I also found out that blogging = accountability. When I know I am accountable to the cyber-world for things like minimalism and frugality, I'm a lot less likely to buy stupid stuff I don't need. In the two months off blogging, I slipped! So I have a few new shopping rules to live by-
  • Only buy clearance items if they were already on your list
  • "Cheap" does not mean "you need this"
  • Don't shop close to closing time: you're more likely to buy something in a rush instead of carefully considering the purchase
I suppose we all must screw up from time to time in these areas to remind ourselves why we picked frugality and simplicity in the first place. Attempting to resell mistake purchases is an excellent way to give yourself a reality-check for the "value" of your items. (side note: minimalist preachers frequently tout the benefit of "you can make money by selling your surplus items!" as a reason to be a minimalist. I don't know who they are selling their old crap to and making money, because around here, you don't get a lot of $ for old crap. This is because it's old crap.) I sold several things to a second-hand store & got a whopping $9.10. This doesn't quite cover the cost of my mistake items, but it lessens the blow.
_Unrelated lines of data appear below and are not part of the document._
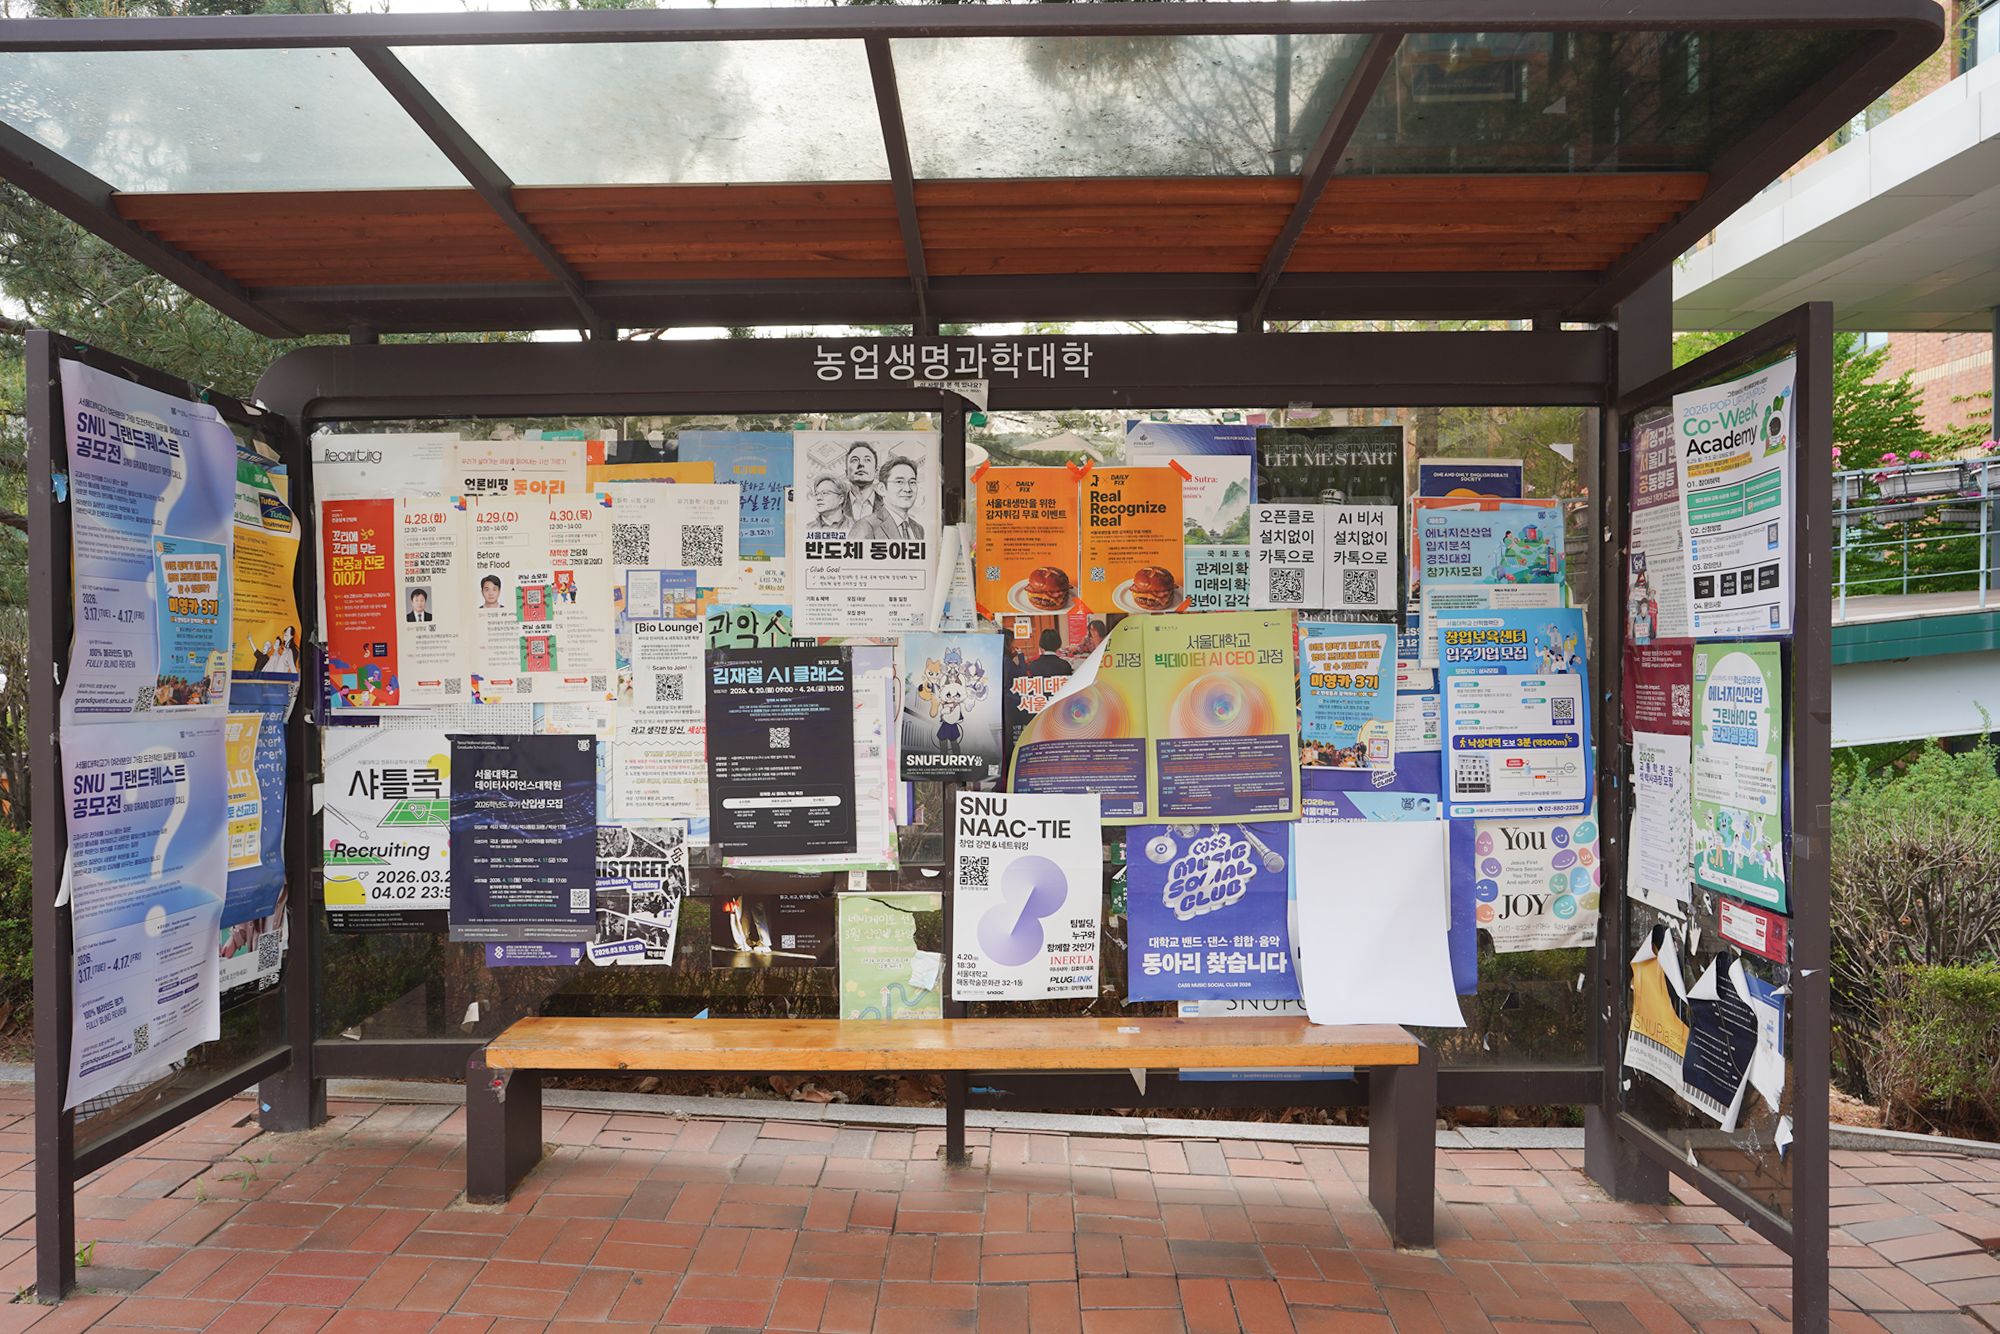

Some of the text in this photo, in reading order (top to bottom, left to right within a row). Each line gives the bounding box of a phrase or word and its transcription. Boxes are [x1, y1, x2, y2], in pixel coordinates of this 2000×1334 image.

[814, 342, 1093, 380] 농업생명과학대학
[1683, 398, 1732, 418] 2026 POP
[1683, 400, 1758, 439] Co-Week
[77, 412, 180, 458] SNU 그랜드퀘스트
[1686, 424, 1758, 458] Academy
[76, 435, 122, 464] 공모전
[1194, 475, 1218, 484] Sutra:
[464, 478, 566, 496] 언론비평 동아리
[986, 498, 1056, 508] 서울대생만을 위한
[1090, 490, 1121, 502] Real
[986, 510, 1067, 520] 감자튀김 무료 이벤트
[1090, 502, 1166, 515] Recognize
[404, 513, 447, 525] 4.28.(화)
[476, 512, 518, 524] 4.29.(수)
[1090, 515, 1122, 526] Real
[1260, 510, 1315, 524] 오픈클로
[1338, 511, 1384, 526] AI 비서
[806, 532, 846, 540] 서울대학교
[1259, 530, 1314, 545] 설치없이
[1334, 530, 1388, 546] 설치없이
[1426, 528, 1492, 538] 에너지신산업
[806, 542, 926, 560] 반도체 동아리
[1426, 540, 1470, 552] 입지분석
[476, 552, 500, 560] Before
[1259, 549, 1315, 564] 카톡으로
[1333, 550, 1388, 566] 카톡으로
[1426, 554, 1471, 564] 경진대회
[476, 561, 510, 569] the Flood
[1196, 562, 1234, 576] 관계의
[1426, 566, 1482, 578] 참가자모집
[332, 571, 366, 587] 이야기
[1195, 579, 1232, 592] 미래의
[84, 606, 134, 624] 3.17. 4.17.
[634, 622, 703, 634] [Bio Lounge]
[1186, 633, 1250, 650] 서울대학교
[1445, 630, 1527, 645] 창업보육센터
[1115, 652, 1142, 668] 과정
[1154, 650, 1284, 668] 빅데이터 AI CEO 과정
[1446, 646, 1528, 662] 입주기업 모집
[713, 666, 844, 685] 김재철 AI 클래스
[1310, 674, 1379, 690] 미영카 3기
[1012, 676, 1044, 695] 세계
[1708, 685, 1764, 704] 에너지신산업
[1712, 708, 1758, 726] 그린바이오
[631, 726, 645, 735] 라고
[646, 726, 668, 735] 생각한
[1468, 738, 1568, 748] 낙성대역 도보 3분 (약300m)
[906, 754, 975, 766] SNUFURRY
[74, 764, 186, 795] SNU 그랜드퀘스트
[474, 770, 518, 780] 서울대학교
[348, 768, 442, 800] 샤틀콕
[474, 780, 562, 792] 데이터사이언스대학원
[73, 794, 122, 820] 공모전
[521, 799, 546, 809] 신입생
[546, 798, 564, 809] 모집
[960, 797, 1007, 816] SNU
[1544, 804, 1579, 812] 02-880-2226
[960, 818, 1070, 838] NAAC-TIE
[960, 840, 974, 848] 창업
[976, 840, 991, 849] 강연
[998, 841, 1029, 850] 네트워킹
[1498, 827, 1548, 850] You
[334, 842, 430, 860] Recruiting
[372, 886, 416, 899] 04.02
[1180, 879, 1242, 912] CLUB
[1498, 894, 1551, 920] JOY
[1070, 919, 1096, 928] 팀빌딩,
[1072, 930, 1095, 940] 누구와
[1149, 936, 1180, 948] 대학교
[1047, 942, 1095, 952] 함께할 것인가
[112, 954, 130, 972] 4.17.
[957, 962, 976, 970] 18:30
[1050, 956, 1094, 966] INERTIA
[1142, 952, 1288, 976] 동아리 찾습니다
[957, 970, 988, 978] 서울대학교
[1050, 976, 1092, 984] PLUGLINK
So as 2012 gets rolling, I'm getting back in the groove. I started the 2012 Declutter Calendar. It's pretty good! It gives you one fairly simple task to do each day for decluttering. I have it on my fridge & mark each day as to whether or not I had to do the activity (like if the activity was "clean out one garage shelf" and I don't have a garage).

I'll also be co-hosting a clothing & accessories exchange in the next few months. We're combining it with a bra donation for a women's shelter & an instruction session on "How Your Bra Should Actually Fit" taught by one of my friends.

I hope your 2012 is starting well!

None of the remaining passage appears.